Observation data (J2000 epoch)
- Constellation: Boötes
- Right ascension: 14^{h} 51^{m} 38.8908^{s}
- Declination: +40° 35′ 57.126″
- Redshift: 0.016245±0.00000667
- Heliocentric radial velocity: 4,870±2 km/s
- Distance: 232.35 ± 33.95 Mly (71.240 ± 10.409 Mpc)
- Apparent magnitude (V): 13.3g

Characteristics
- Type: SA(r)b
- Size: ~155,400 ly (47.66 kpc) (estimated)
- Apparent size (V): 1.91′ × 0.94′

Other designations
- IRAS 14497+4048, 2MASX J14513884+4035572, UGC 9566, MCG +07-31-001, PGC 53067, CGCG 220-060

= NGC 5772 =

Galaxy in the constellation Boötes

NGC 5772 is a large spiral galaxy in the constellation of Boötes. Its velocity with respect to the cosmic microwave background is 5001±9 km/s, which corresponds to a Hubble distance of 73.77 ± 5.17 Mpc. Additionally, five non-redshift measurements give a slightly closer mean distance of 71.240 ± 10.409 Mpc. It was discovered by British astronomer John Herschel on 12 May 1828.
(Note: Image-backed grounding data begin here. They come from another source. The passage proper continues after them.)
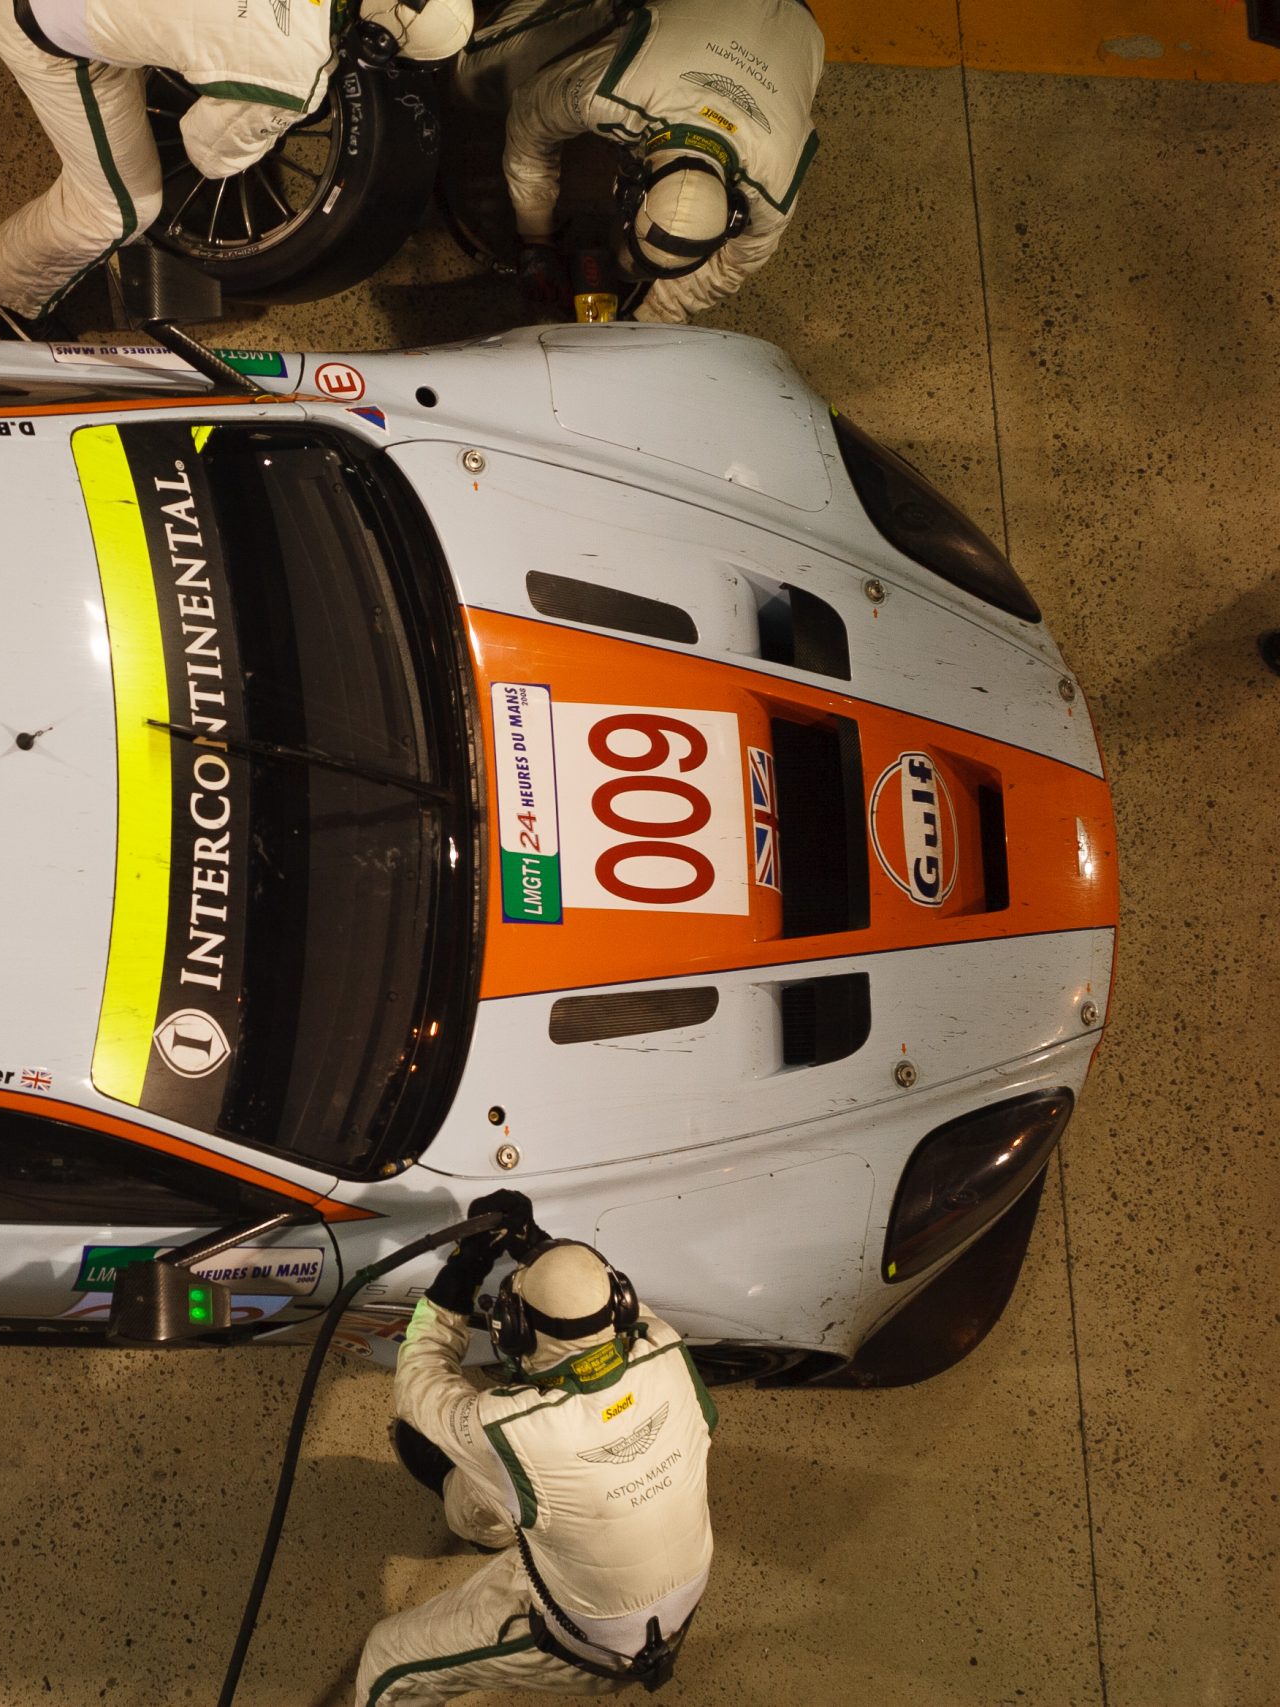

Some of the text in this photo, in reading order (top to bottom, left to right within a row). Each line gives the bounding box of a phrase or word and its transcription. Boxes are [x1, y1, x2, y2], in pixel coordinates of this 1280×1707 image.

[705, 42, 779, 95] ASTON MARTIN
[729, 40, 769, 72] RACING
[702, 107, 735, 132] Sabelt
[55, 346, 95, 356] MANS
[100, 346, 118, 355] DU
[504, 687, 541, 853] 24 HEURES DU MANS
[588, 713, 715, 905] 009
[909, 758, 940, 898] Gulf
[522, 856, 543, 915] LMGT1
[196, 1262, 319, 1281] HEURES DU MANS
[605, 1394, 633, 1420] Sabelt
[606, 1449, 682, 1501] ASTON MARTIN
[631, 1476, 673, 1508] RACING
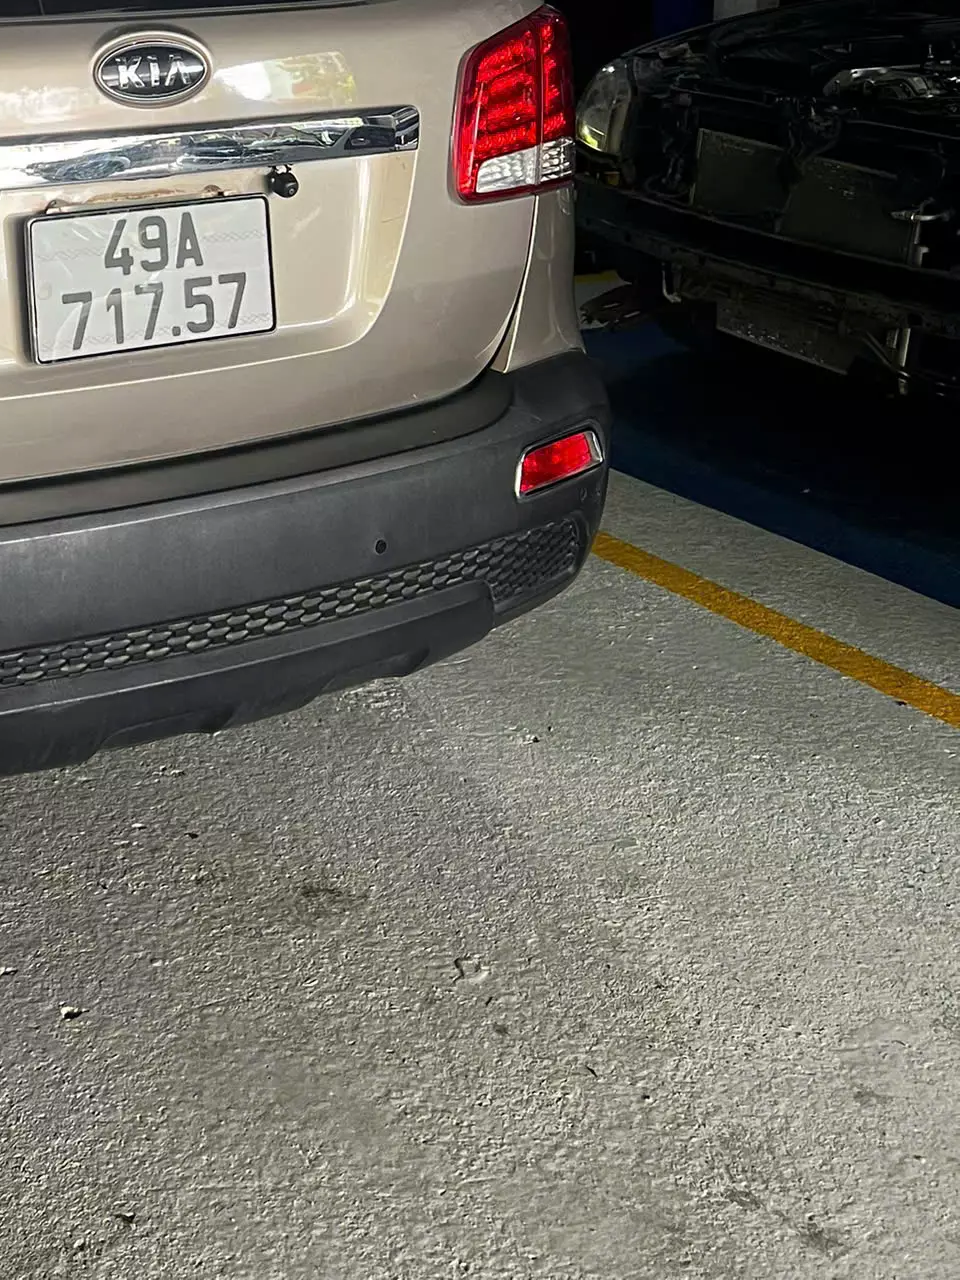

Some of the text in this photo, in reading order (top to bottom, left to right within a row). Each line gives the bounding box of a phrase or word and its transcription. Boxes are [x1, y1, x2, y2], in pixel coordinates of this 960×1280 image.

[115, 54, 193, 89] KIA
[105, 212, 203, 275] 49A
[62, 272, 246, 350] 717.57
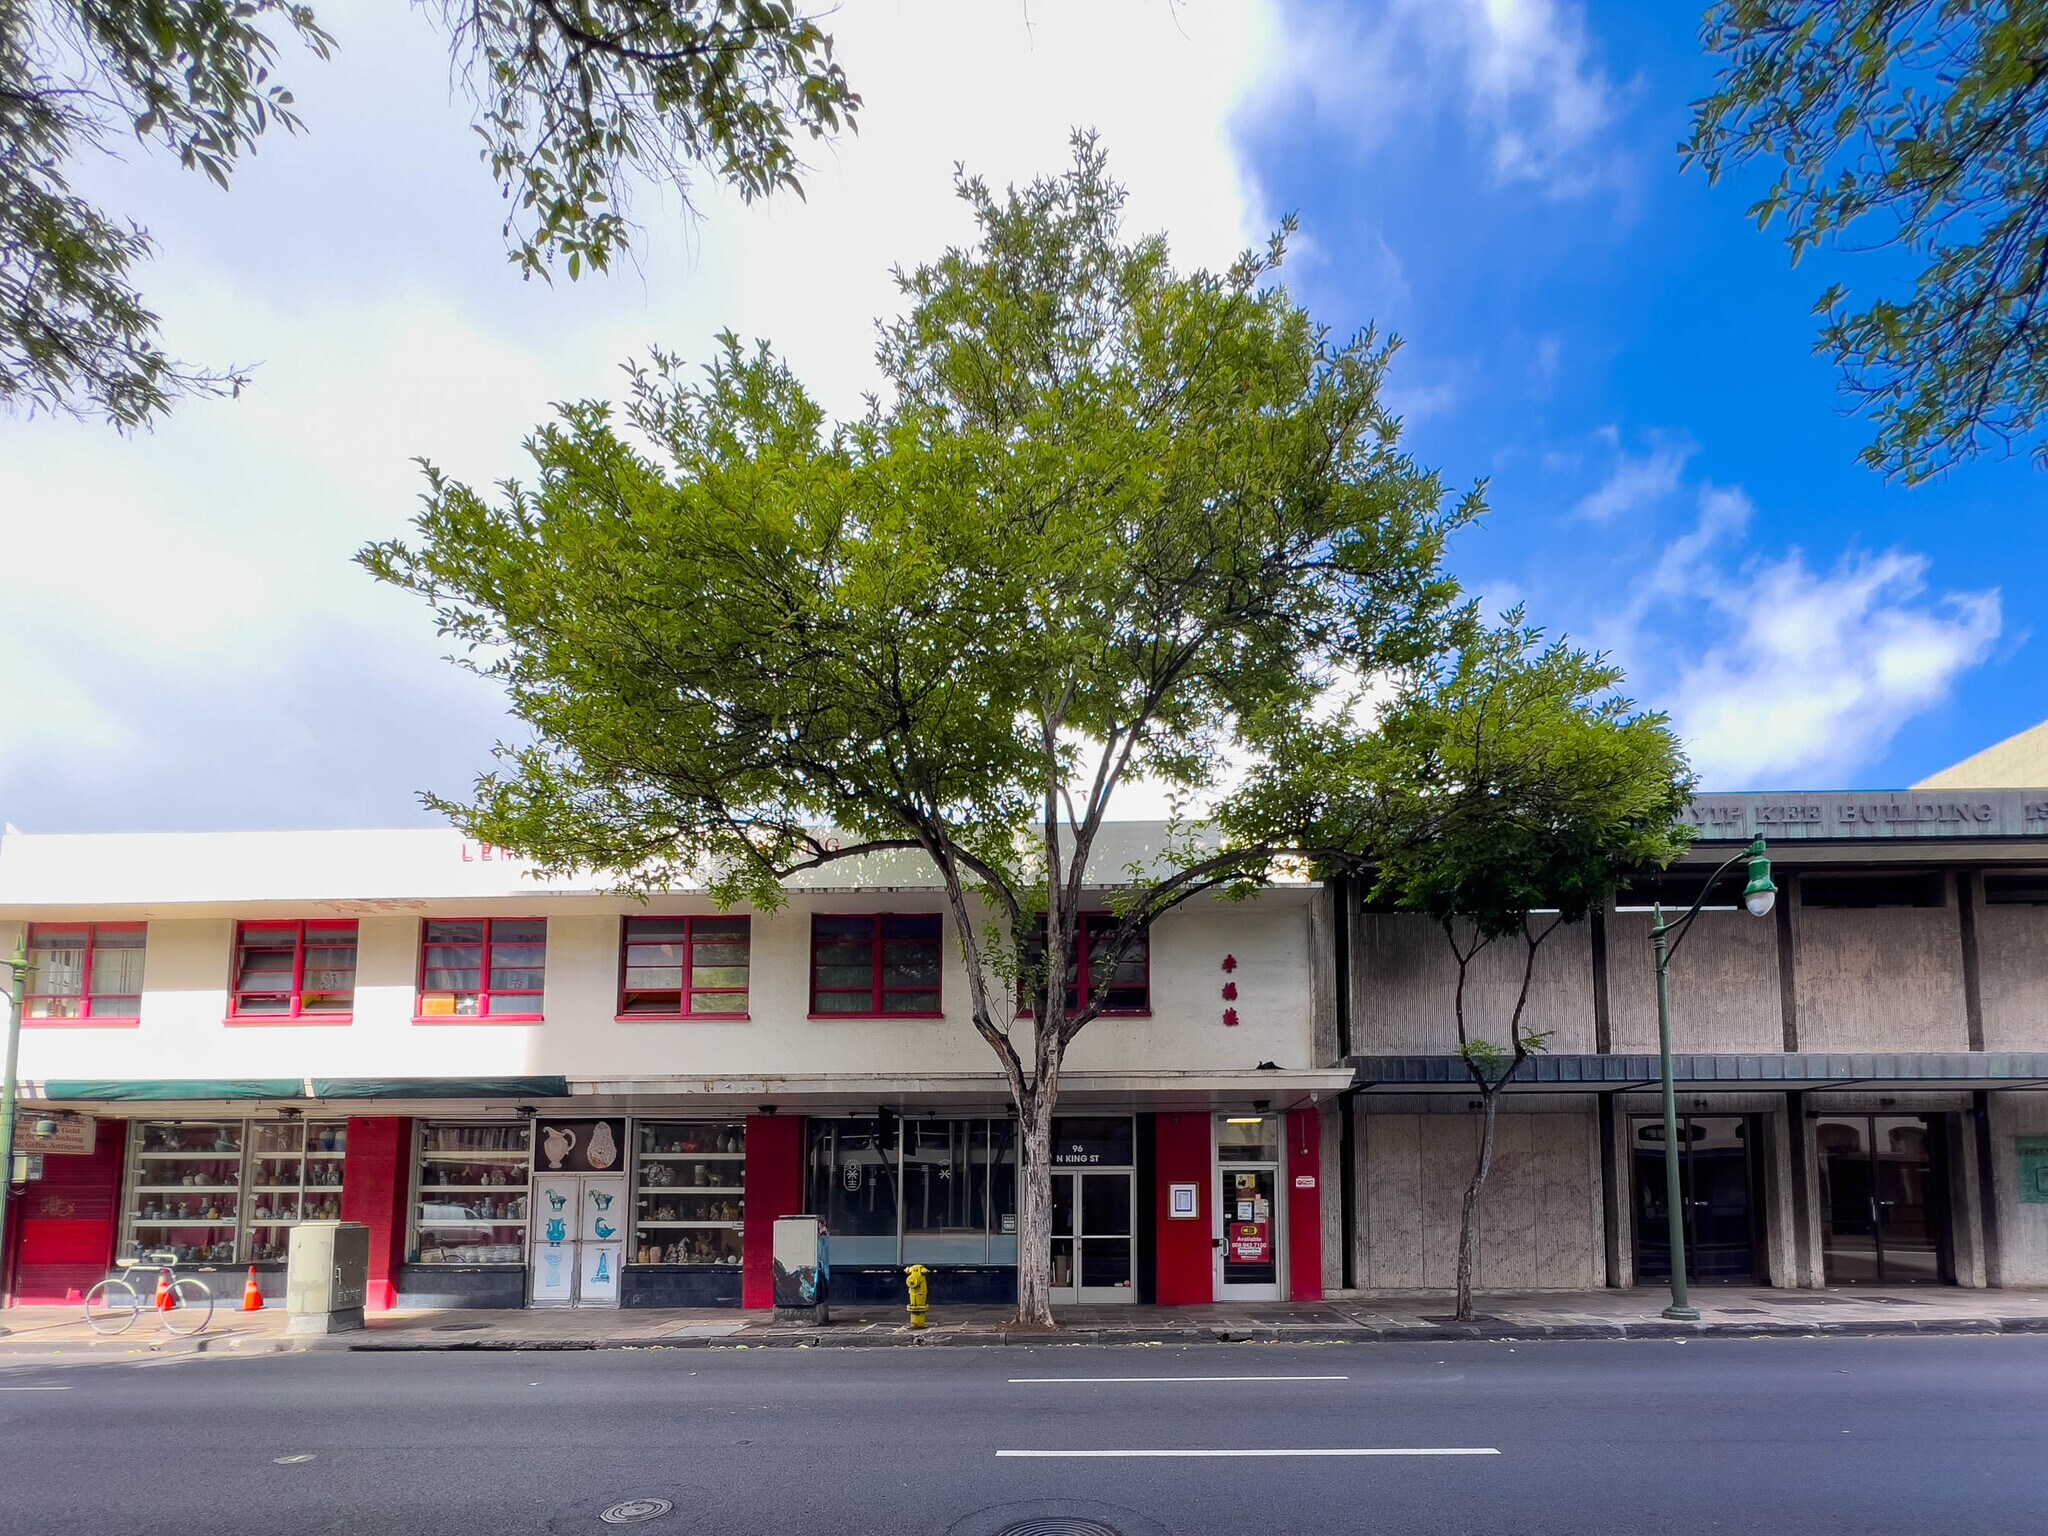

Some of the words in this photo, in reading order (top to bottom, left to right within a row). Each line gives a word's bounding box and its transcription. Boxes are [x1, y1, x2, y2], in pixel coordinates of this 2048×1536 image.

NGC 5772 is a Seyfert galaxy, i.e. it has a quasar-like nucleus with very high surface brightnesses whose spectra reveal strong, high-ionisation emission lines, but unlike quasars, the host galaxy is clearly detectable. It is also a radio galaxy, i.e. it has giant regions of radio emission extending well beyond its visible structure.

==Supernovae==
Two supernovae have been observed in NGC 5772:
- SN 2002ee (Type II-P, mag. 18.4) was discovered by Tim Puckett and D. Toth on 19 July 2002.
- SN 2015bb (Type Ic, mag. 17.0) was discovered by Kunihiro Shima on 16 November 2015.